Alojamento para os ciclistas também é uma preocupação. “A acessibilidade para os pedestres de renda baixa leva as pessoas a ir a pé ou de bicicleta nos corredores de ônibus, ou cruzar em áreas conflituosas”, diz Oliveira do ITDP Brasil. Ele elogia a disponibilidade de instalações de estacionamento de bicicletas nas estações de BRT, mas lamenta a falta de ciclovias integradas e infra-estrutura de proteção para ciclistas. Oito pessoas já foram mortas por acidentes na TransOeste, primeira linha de BRT do Rio de Janeiro a ser inaugurado.
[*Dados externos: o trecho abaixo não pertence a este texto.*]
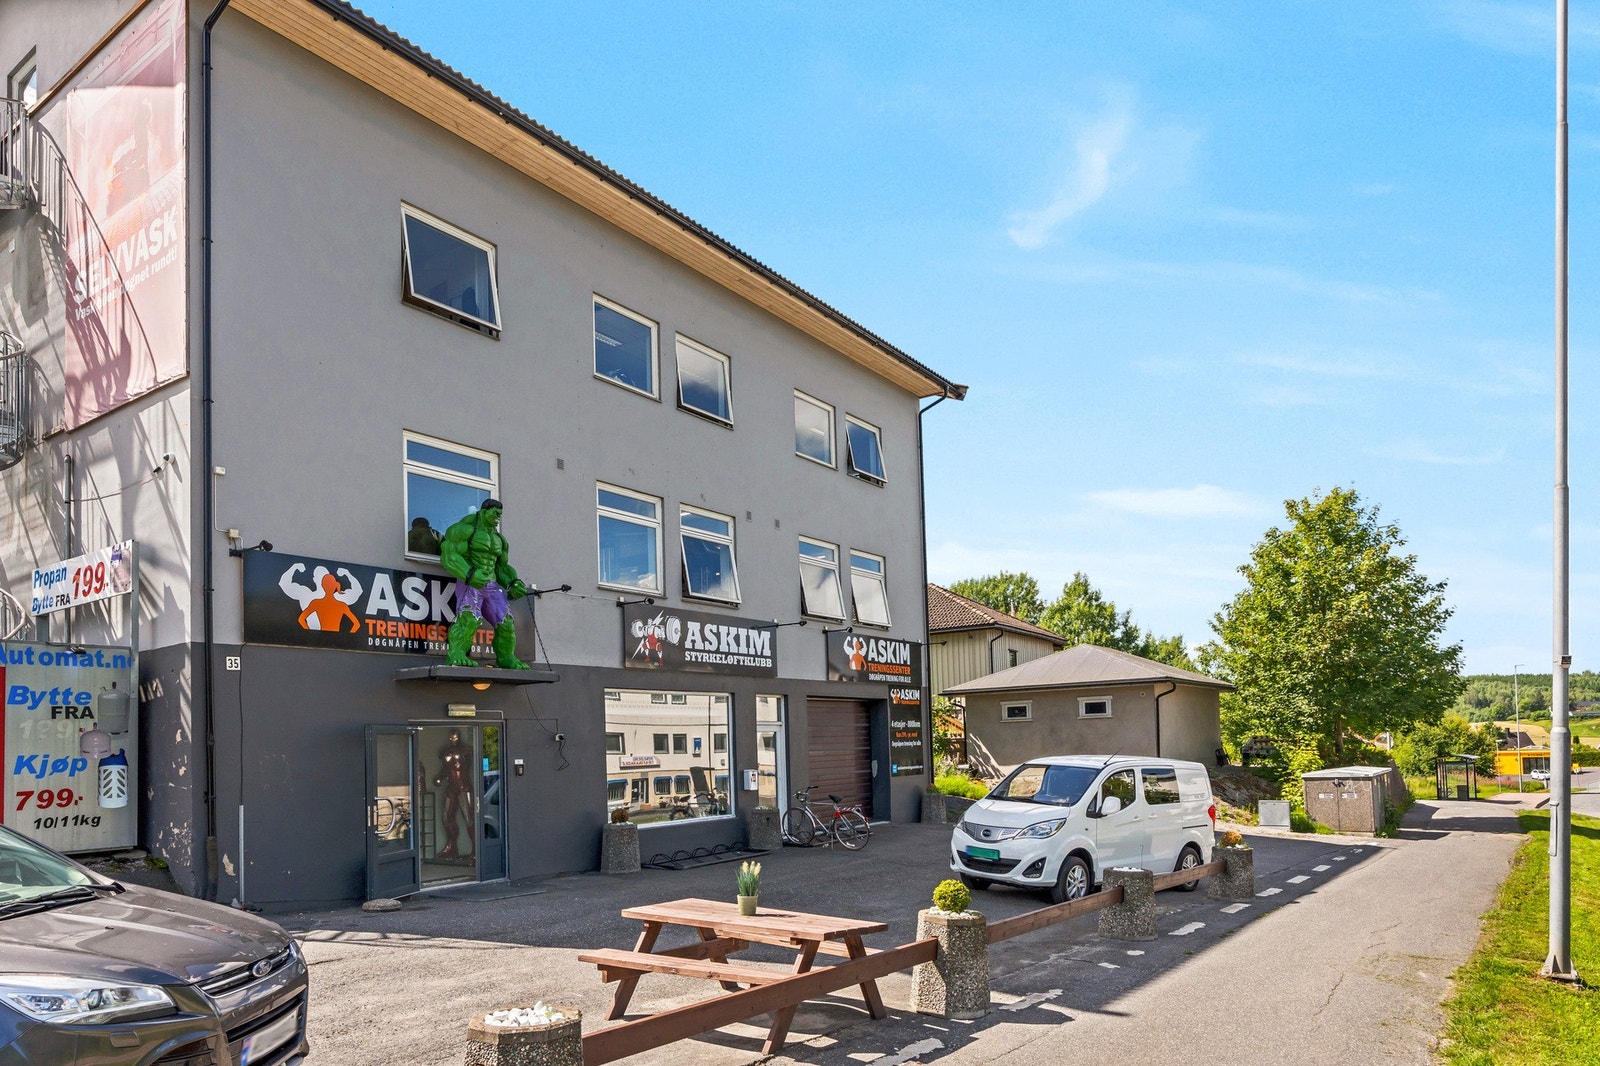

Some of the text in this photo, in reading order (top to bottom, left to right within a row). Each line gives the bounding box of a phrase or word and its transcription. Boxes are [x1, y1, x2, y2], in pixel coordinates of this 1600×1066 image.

[33, 566, 67, 590] Propan
[32, 593, 71, 614] Bytte FRA
[365, 572, 458, 623] ASK
[365, 618, 495, 645] TRENINGSTE
[684, 621, 771, 657] ASKIM
[368, 637, 419, 649] DØGNÅPEN
[423, 643, 450, 651] TRENI
[471, 645, 482, 654] OR
[867, 638, 911, 665] ASKIM
[227, 658, 239, 669] 35
[684, 650, 773, 668] STYRKELØFTKLUBB
[867, 663, 911, 675] TRENINGSSENTER
[7, 685, 92, 711] Bytte
[900, 688, 920, 700] ASKIM
[51, 706, 95, 720] FRA
[13, 754, 88, 779] Kjøp
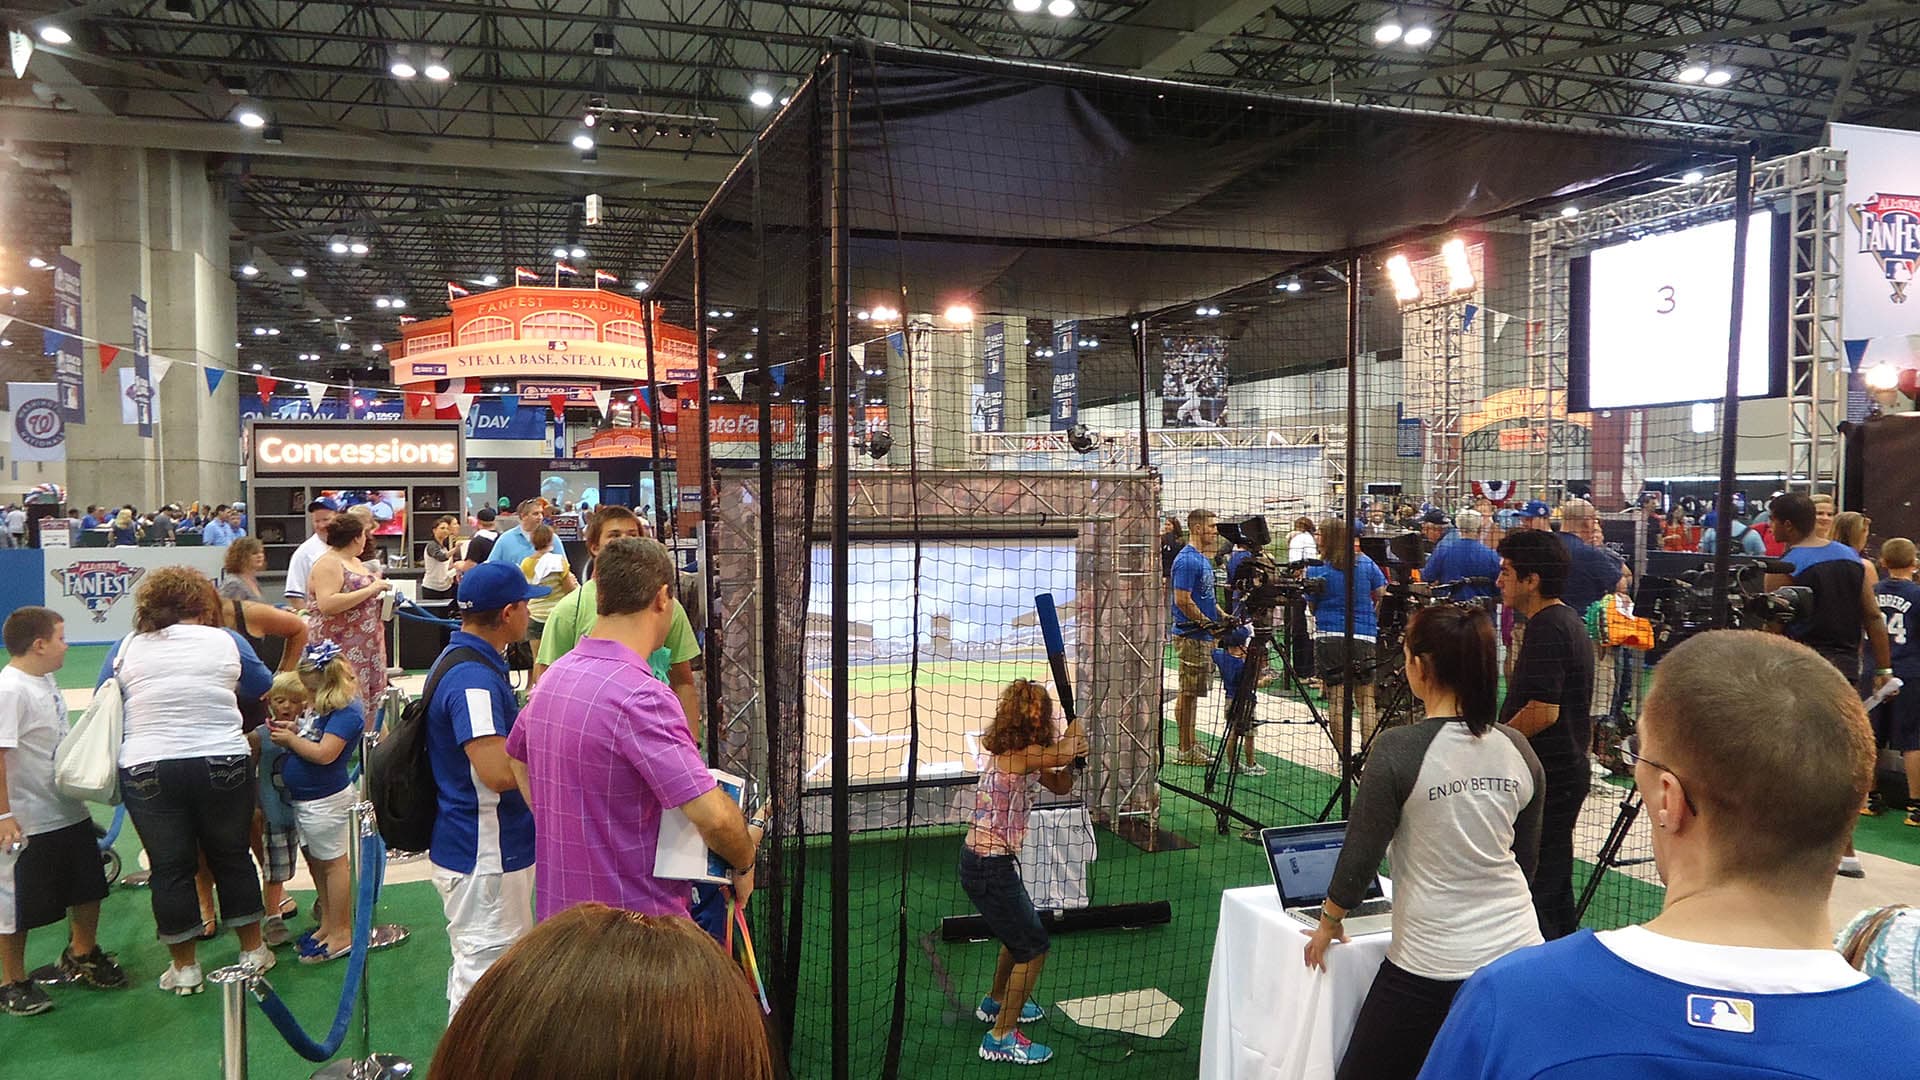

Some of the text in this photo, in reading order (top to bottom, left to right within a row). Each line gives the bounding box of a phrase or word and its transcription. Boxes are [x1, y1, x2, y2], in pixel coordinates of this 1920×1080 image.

[478, 297, 636, 320] FANFEST STADIUM
[1656, 285, 1676, 314] 3
[458, 353, 648, 370] STEAL A BASE, STEAL A TAC
[478, 415, 509, 429] DAY
[259, 437, 456, 465] Concessions
[1428, 777, 1520, 801] ENJOY BETTER
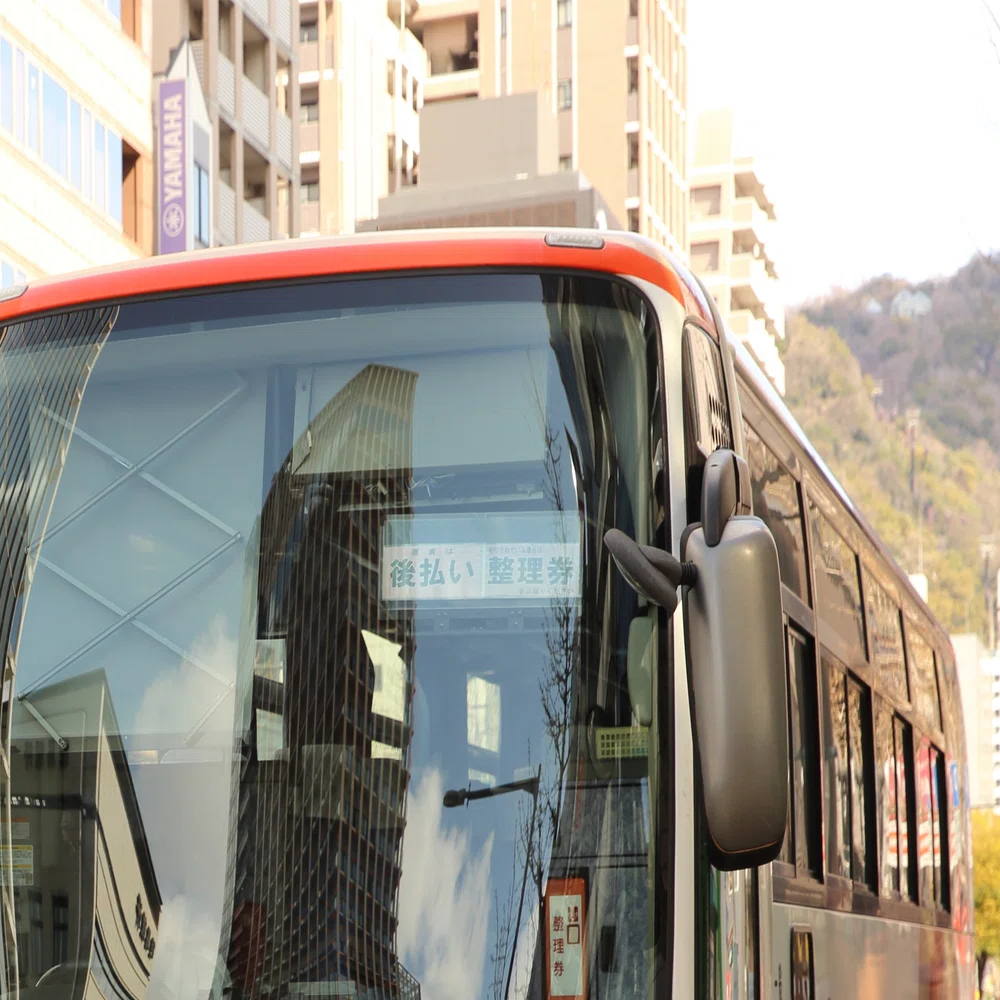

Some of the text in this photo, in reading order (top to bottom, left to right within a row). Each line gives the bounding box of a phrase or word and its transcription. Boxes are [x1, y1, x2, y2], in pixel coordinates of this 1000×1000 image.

[163, 93, 183, 203] YAMAHA
[389, 556, 575, 588] 後払い 整理券
[552, 915, 565, 977] 整理券
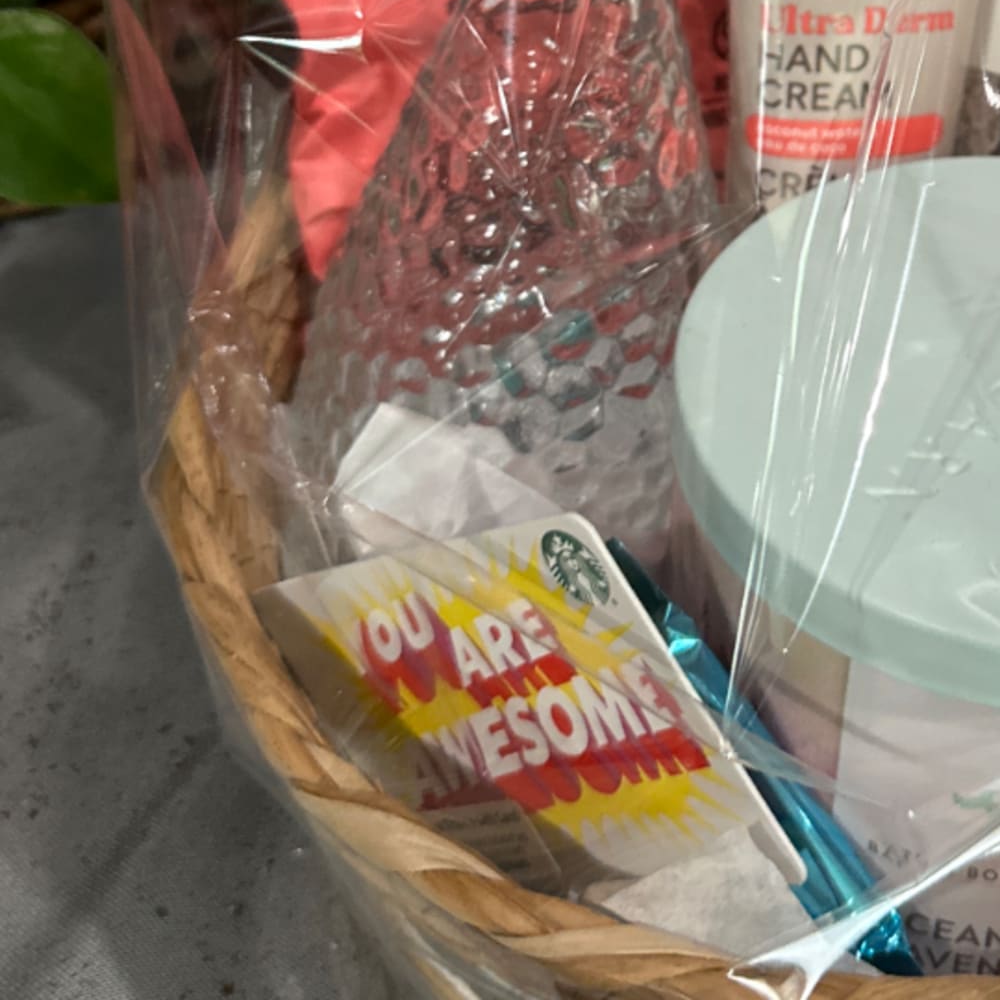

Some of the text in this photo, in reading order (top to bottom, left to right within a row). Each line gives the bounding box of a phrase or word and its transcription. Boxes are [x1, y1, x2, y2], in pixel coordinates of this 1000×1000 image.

[758, 44, 869, 73] HAND
[759, 80, 893, 112] CREAM
[346, 590, 436, 675] OU
[449, 597, 558, 688] ARE
[410, 656, 678, 805] AWESOME
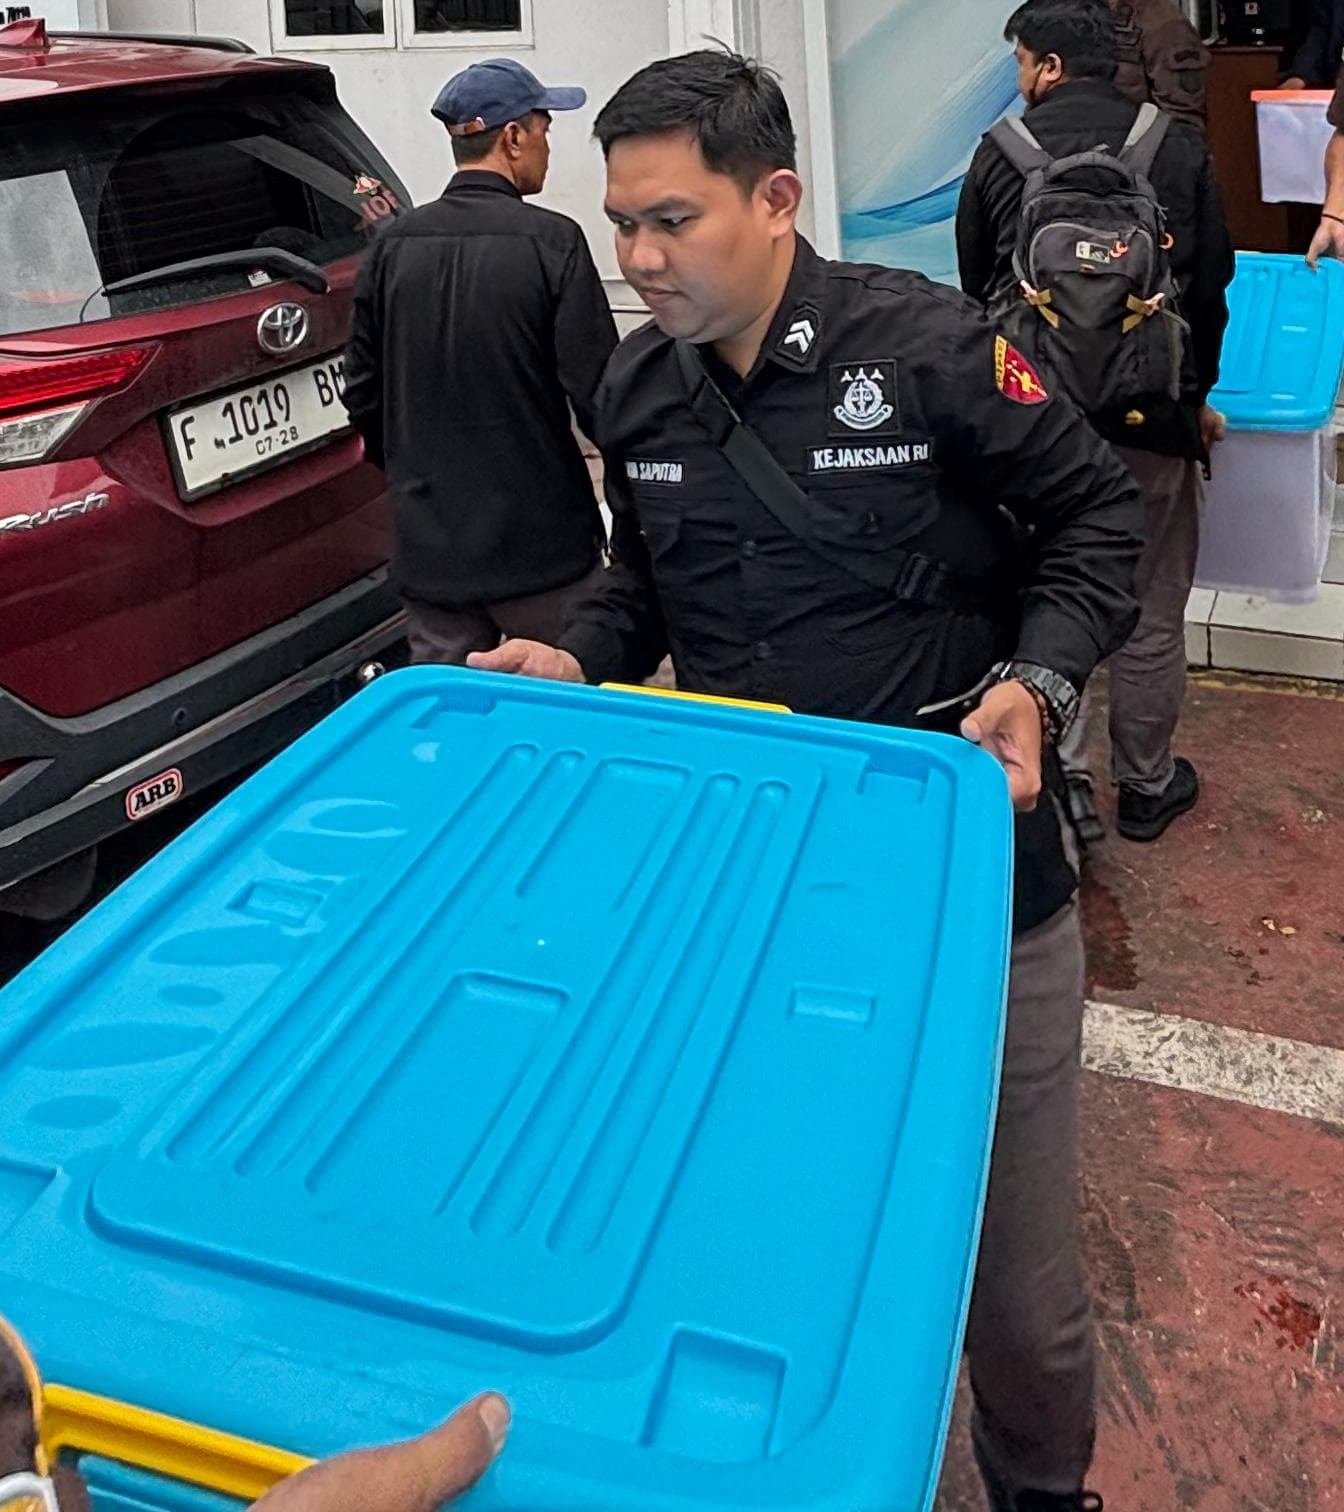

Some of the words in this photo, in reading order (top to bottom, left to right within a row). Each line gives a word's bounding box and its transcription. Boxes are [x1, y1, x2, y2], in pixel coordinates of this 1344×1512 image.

A construção de linhas de BRT levou à remoção e deslocamento de comunidades inteiras, incluindo Largo de Campinho, Vila Harmonia, Restinga e Vila Recreio II. Em 2010, Gaffney estimou que um total de pelo menos 10 mil casas, empresas e espaços públicos sofreriam remoções forçadas. Já houve milhares de remoções, com mais duas linhas que nem sequer começaram. No caso de Recreio II, o terreno desocupado continua inutilizado anos após autoridades da Prefeitura considerar a remoção da comunidade necessária para a TransOeste. Os que foram removidos agora lidam com trajetos muito mais longos, dada a distância dos apartamentos Minha Casa Minha Vida para onde foram removidos, tudo para um projeto que o suposto objetivo é melhorar a mobilidade urbana.